Há alguns anos eu venho notando diferenças nos meus pais. Eles, que antes saíam depois do trabalho para beber uma cerveja ou duas, agora dormem no sofá às nove e meia, assistindo ao jornal. Eles viraram tão fãs de delivery quanto os filhos. Fazer qualquer plano quando está chovendo não é opção. E agora, quando enxergam crianças pequenas, só trocam olhares e falam “ainda bem que essa fase acabou”. E eu sempre me pego pensando: ainda bem que acabou a tempo de vocês ainda terem energia.
A verdade é que qualquer pessoa sem filhos não sabe como é ter filhos. Eu sabia disso, mas no fundo achava que não podia ser nada tão sobrenatural ou inimaginável. Então, minha teoria foi colocada à prova essa semana. Não tenho crianças na família, mas meu namorado tem duas: o Bernardo, de sete anos, e a Luiza, de três. Eu amo crianças, então, passar tempo com elas para mim é diversão, especialmente quando são tão educadas. Tive o privilégio de ver o Bernardo aprendendo a nadar. Desenhamos juntos, tomamos café. E eu só conseguia pensar o quanto é maravilhoso ter uma família grande e com crianças.
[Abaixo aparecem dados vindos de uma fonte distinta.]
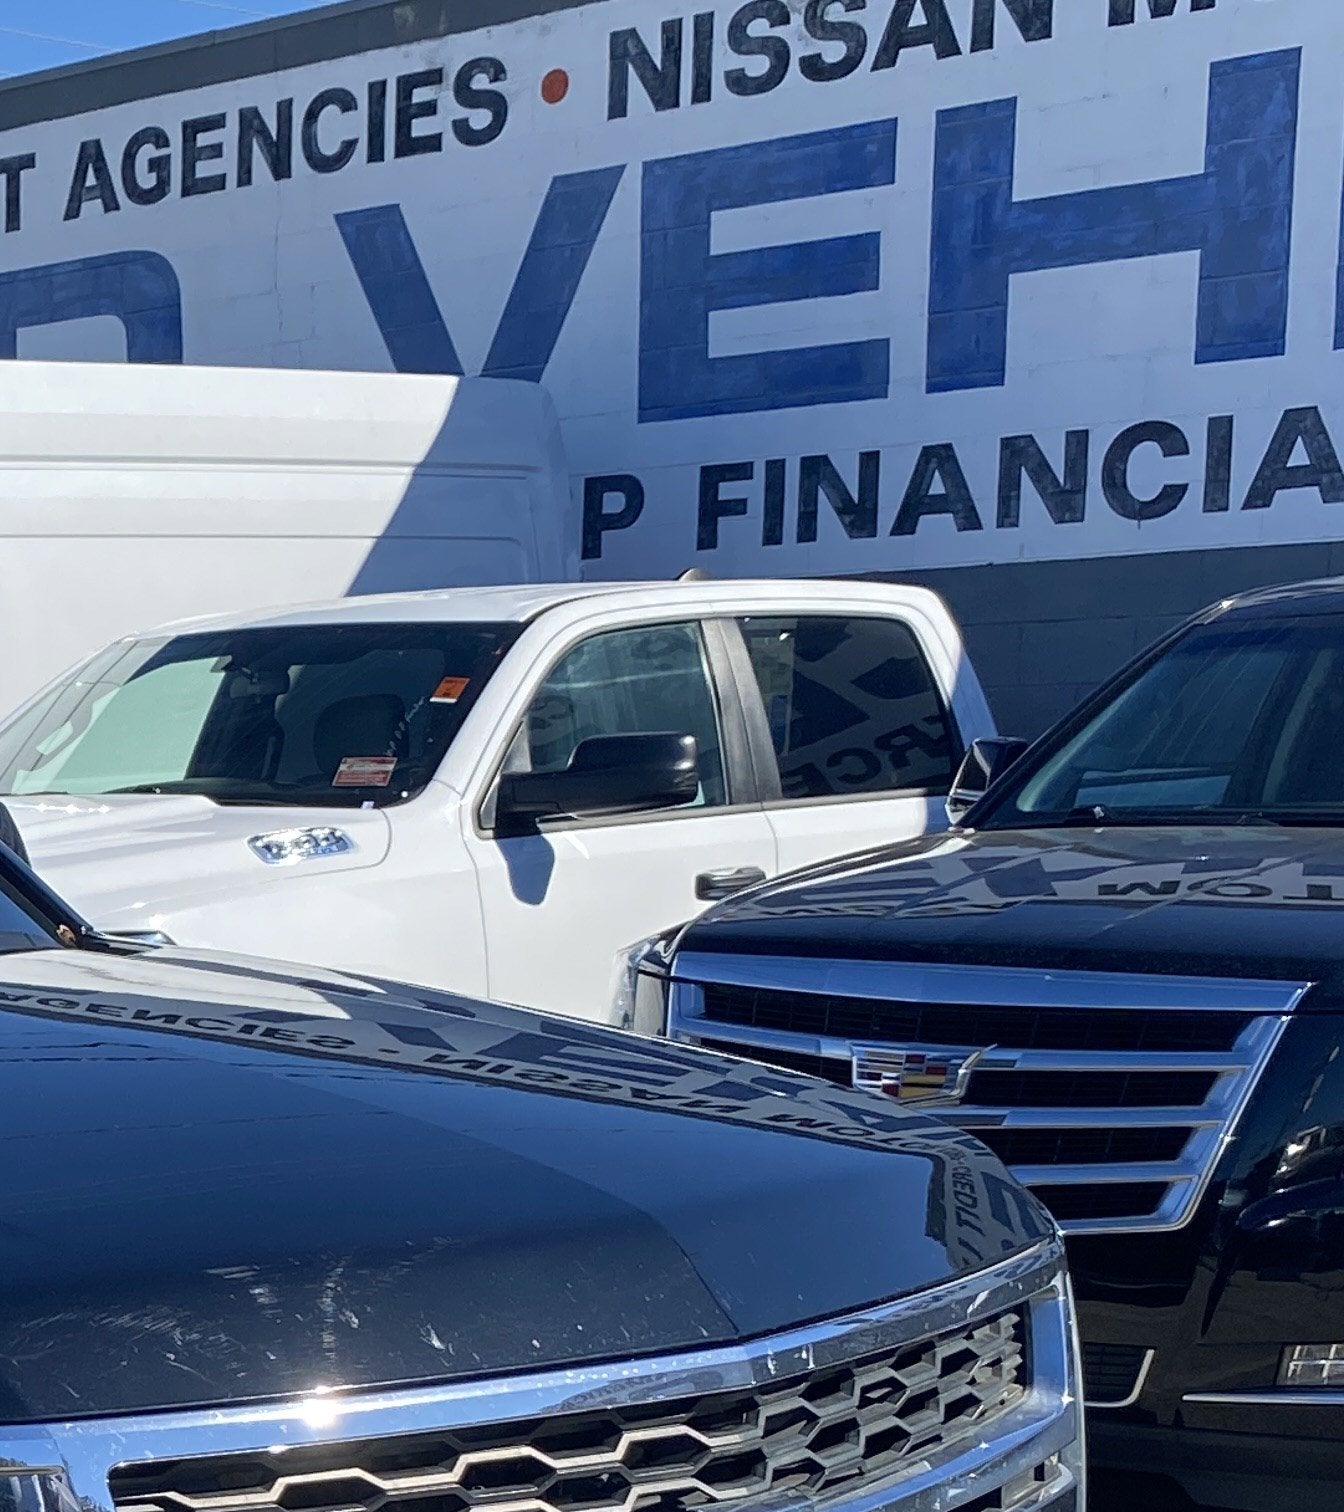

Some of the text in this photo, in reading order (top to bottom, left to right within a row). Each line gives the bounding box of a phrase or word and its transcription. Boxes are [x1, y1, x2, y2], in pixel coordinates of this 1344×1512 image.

[63, 56, 508, 222] AGENCIES
[334, 46, 1344, 424] VEH
[696, 405, 1344, 551] FINANCIA
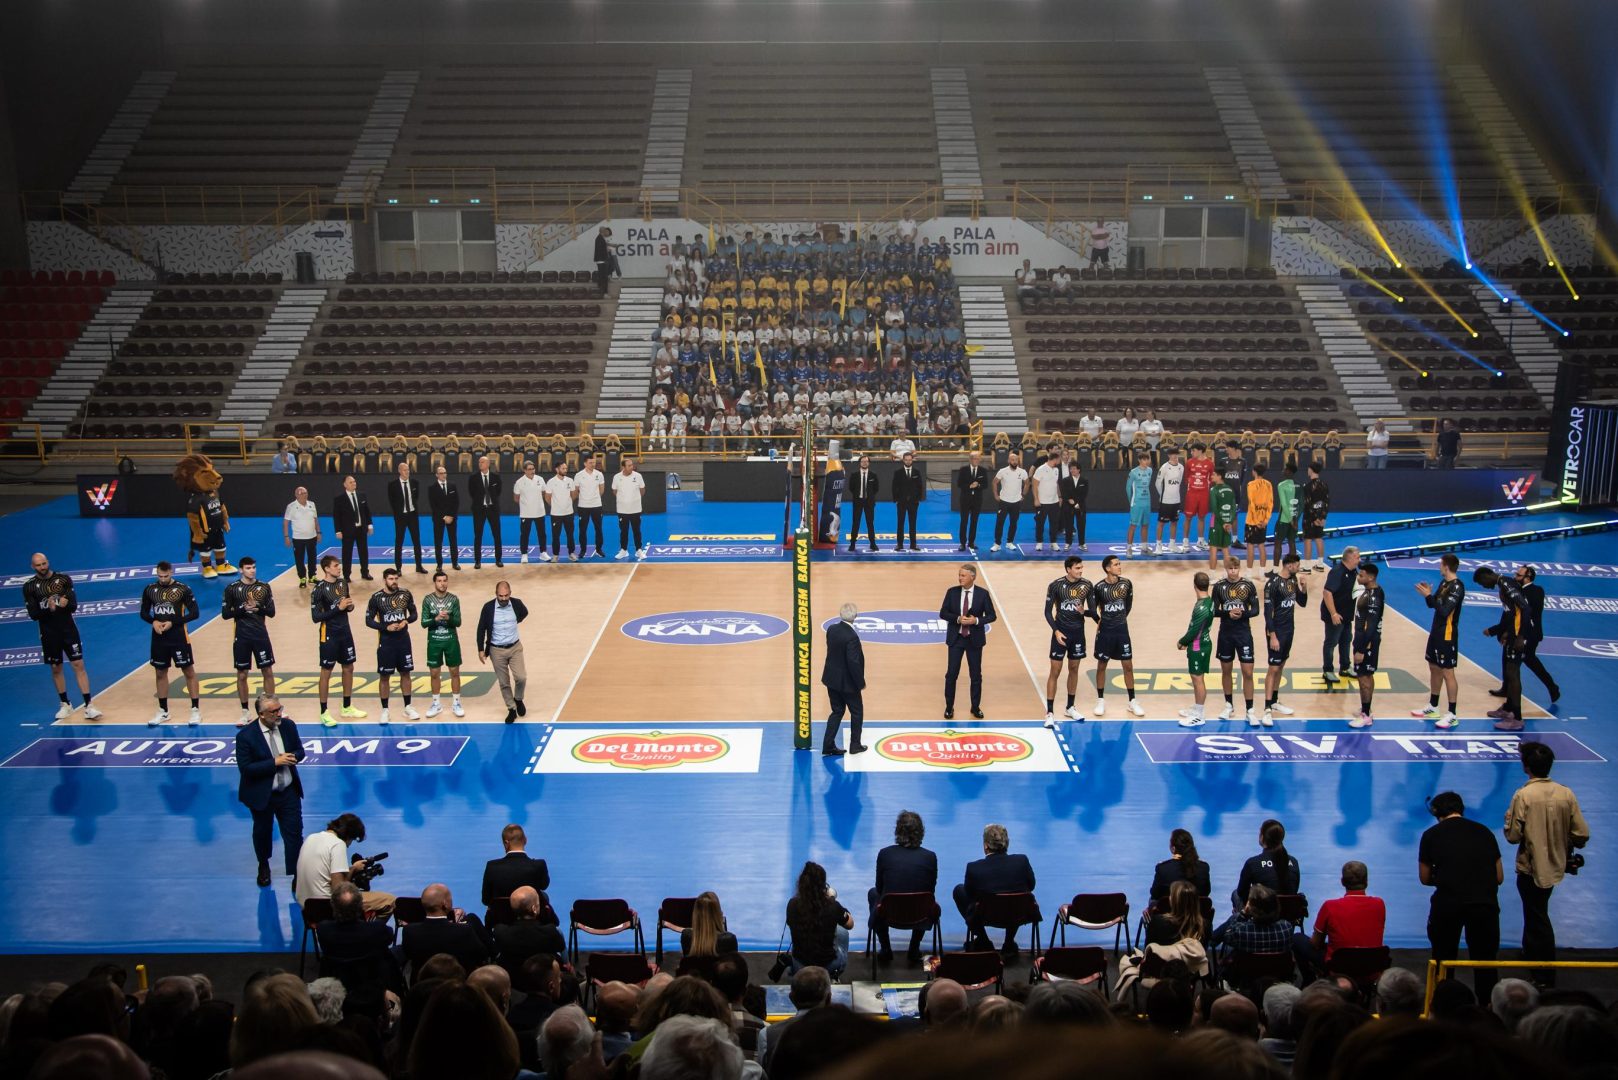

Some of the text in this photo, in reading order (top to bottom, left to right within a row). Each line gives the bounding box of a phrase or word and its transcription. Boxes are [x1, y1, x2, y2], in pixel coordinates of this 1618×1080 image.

É importante pontuar algo crucial: nunca fiquei sozinha com os dois e não é à toa que estava sendo muito leve.
Dia dois. Eram sete e meia da manhã e o Lipe – meu namorado – precisava trabalhar às oito. Saí do quarto para encontrá-lo na cozinha, quando vejo uma pulguinha atrás de mim, com a pergunta mais temida para os inexperientes:
– Cadê a minha mãe?
A Luiza me disse com os olhos já marejados. Não consegui responder a tempo do pior: o choro de saudade. A pequena foi para a janela da frente, esperando a mamãe, chorando com tudo o que tinha no pulmão. Ofereci colo, mas eu não sou a mamãe. Olhei para o Lipe. O Lipe me olhou. Ele tentou explicar que a mãe havia saído e já voltaria, ou que estava dormindo, mas nada adiantou. Só o papai. No fim, nos olhamos de novo e eu só disse:
– Agora eu entendi.
Definitivamente não estamos prontos para sermos pais. Tudo bem. Não estávamos considerando de forma alguma. Aceito o título de tia ou prima descolada. E a canseira nunca esquecida dos meus pais foi finalmente compreendida. A verdade é que eles não poderiam se permitir descansar. E agora, comigo e meu irmão maiores de idade, eles finalmente podem dormir assistindo a tevê.